Rüzgar kafanın çevirerek kuşku dolu bana baktı.
Büyük ihtimalle ne diyeceğimi merak ediyordu.
Bana 'n'oluyor' bakışını atarken
ben konuştum.
Dudaklarımı ıslatarak direkt konuya girerek konuştum. "Akını çıkaracaksın!"
Arafa göz ucuyla baktığım da şaşkınlıkla bakıyordu.
Aslında ' ne yapıyorsun sen!' bakışı atıyordu.
Rüzgar bir kaç saniye yüzüme baktıktan sonra büyük bir kahkaha attı.
Yıllarca bu anı beklemiş gibiydi..
Kahkaha arasında "Güzel espiri sevdim" dedi.

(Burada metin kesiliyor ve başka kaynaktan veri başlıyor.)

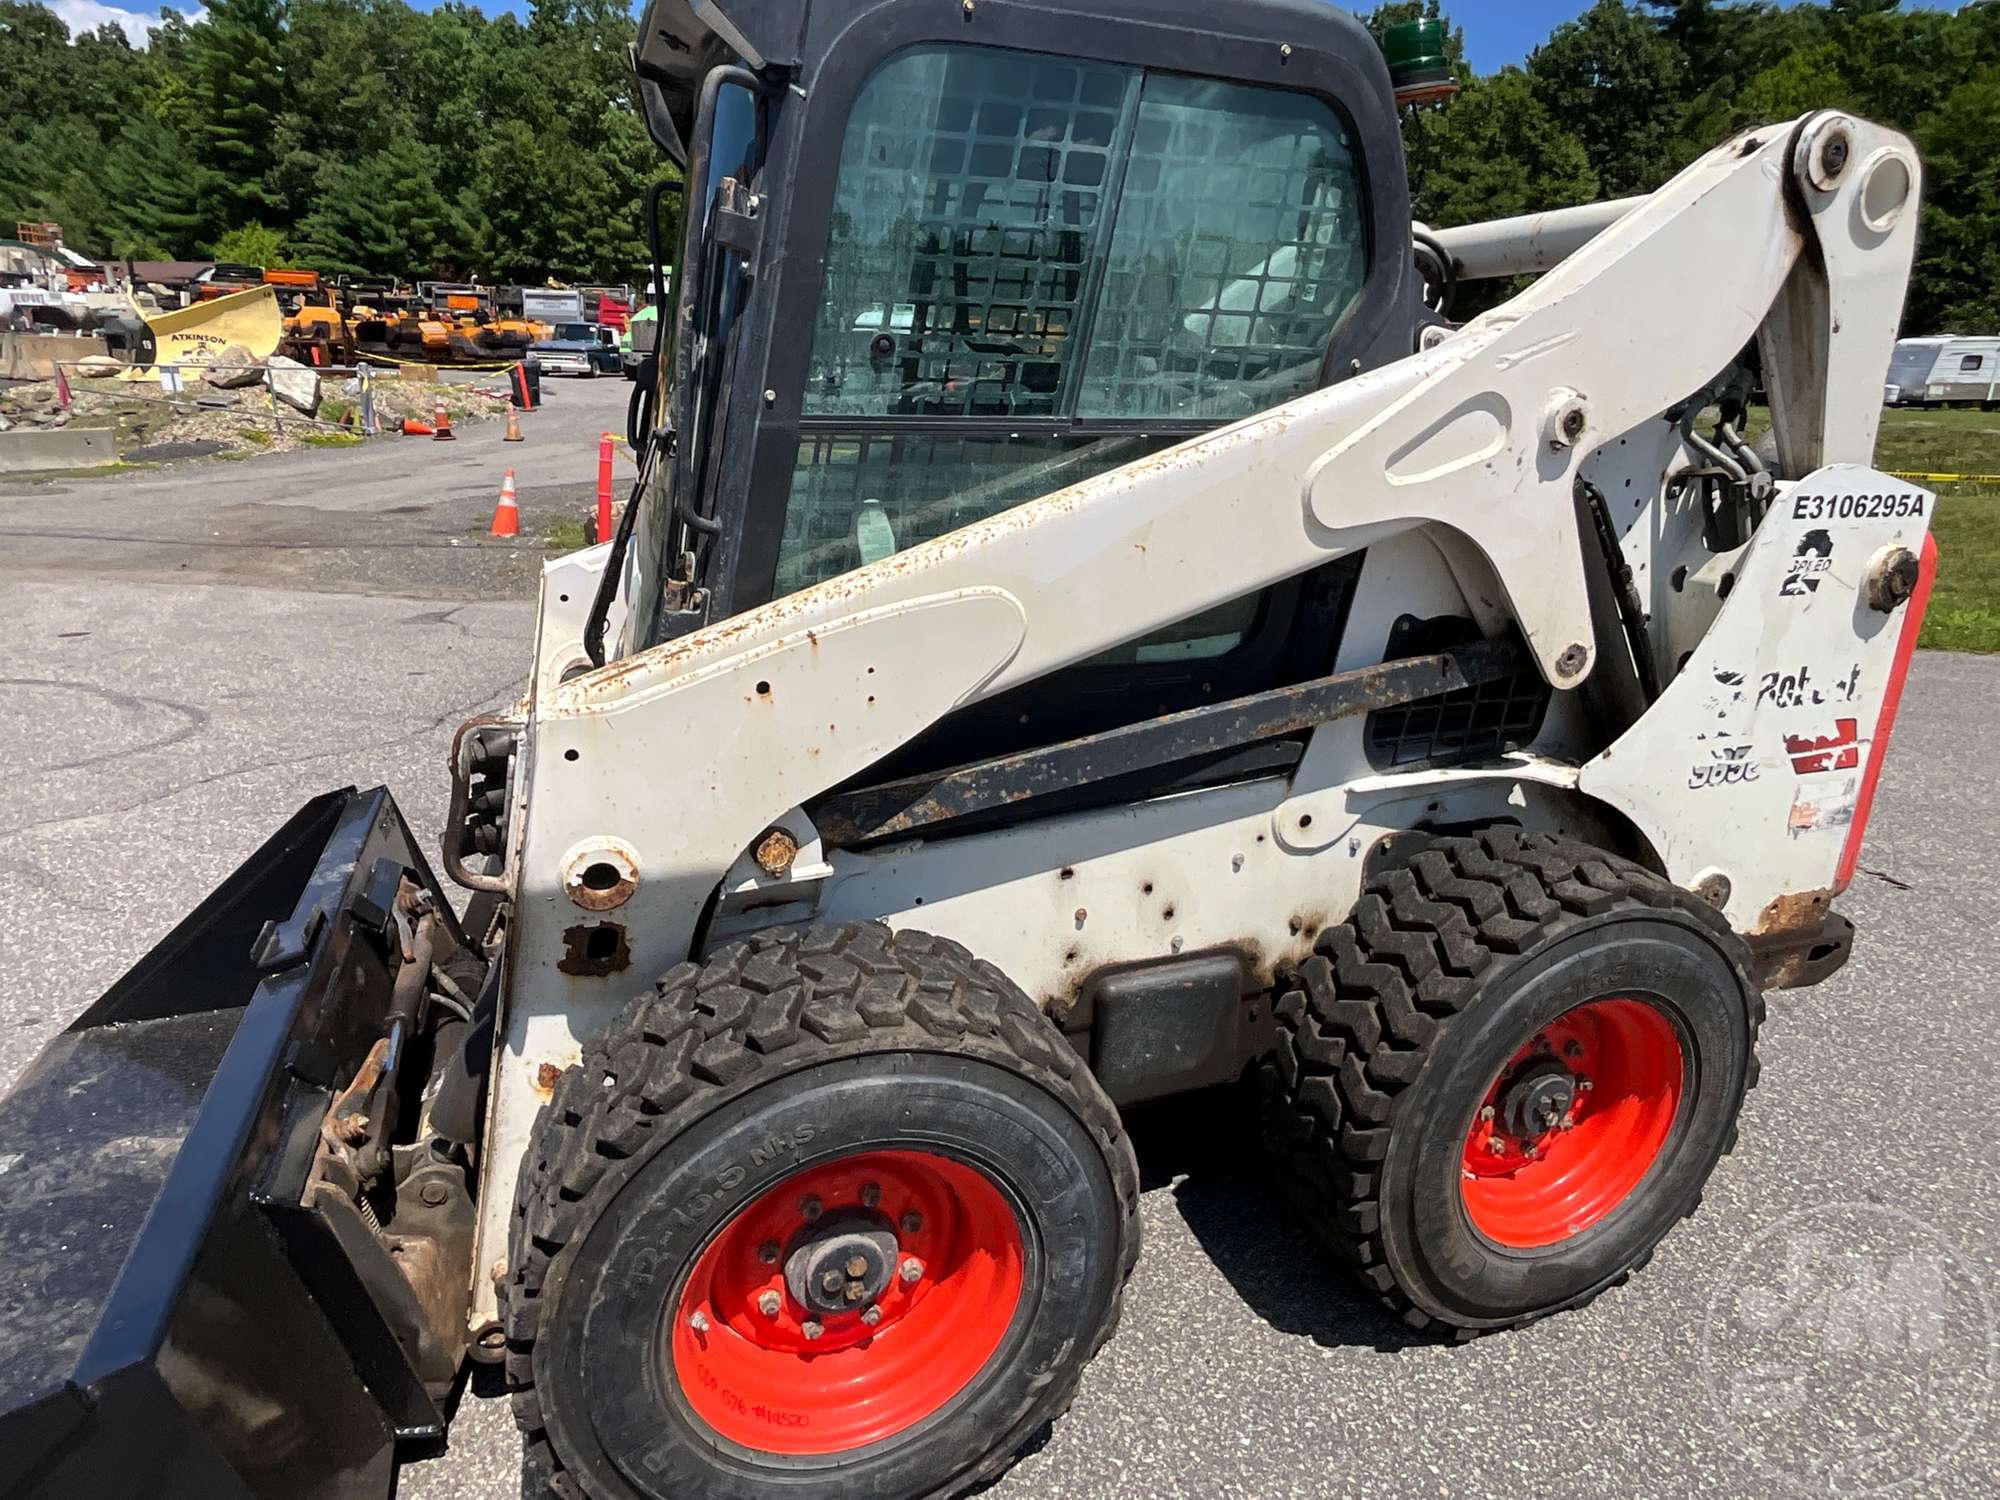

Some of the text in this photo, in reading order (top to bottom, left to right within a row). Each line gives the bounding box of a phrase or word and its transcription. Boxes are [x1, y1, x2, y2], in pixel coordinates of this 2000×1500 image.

[171, 333, 227, 345] ATKINSON
[1792, 494, 1924, 520] E3106295A
[750, 1123, 816, 1167] NHS

Gözlerimi kapatarak derin bir nefes verdim.
Meydan okurcasına konuştum " Biz sana, burada ablanın ölmediğini yaşadığını ne hal de olduğunu söyledik. Bence bunun da bir karşılığı olmalı di mi?"
Alaycı yüz ifadesi giderken ciddi bir ifadeyle yüzümü inceledi.
"Akını bu kadar sevdiğini bilmiyordum" dedi.
" Bir serçenin göz yaşı kadar sevdiğimi söyleyebilirim."
Yapmacık bir kahkaha attı. "O kadar mı az?"
Ciddi bir ifadeyle konuştum. " Serçeler ağladı zaman ölür"
Kahkaha dolu ifadesinde ki yüzü donuk bir hâl aldı.
Zoraki bir şekilde bir adım attım.
Bütün kelimelerin üstüne basa basa konuştum.
"ŞİMDİ.. AKINI.. ORADAN ÇIKARACAKSIN!"
Aynı şekilde yüzümü inceledi ciddi miyim diye ciddi olduğumu anlamış olacak ki.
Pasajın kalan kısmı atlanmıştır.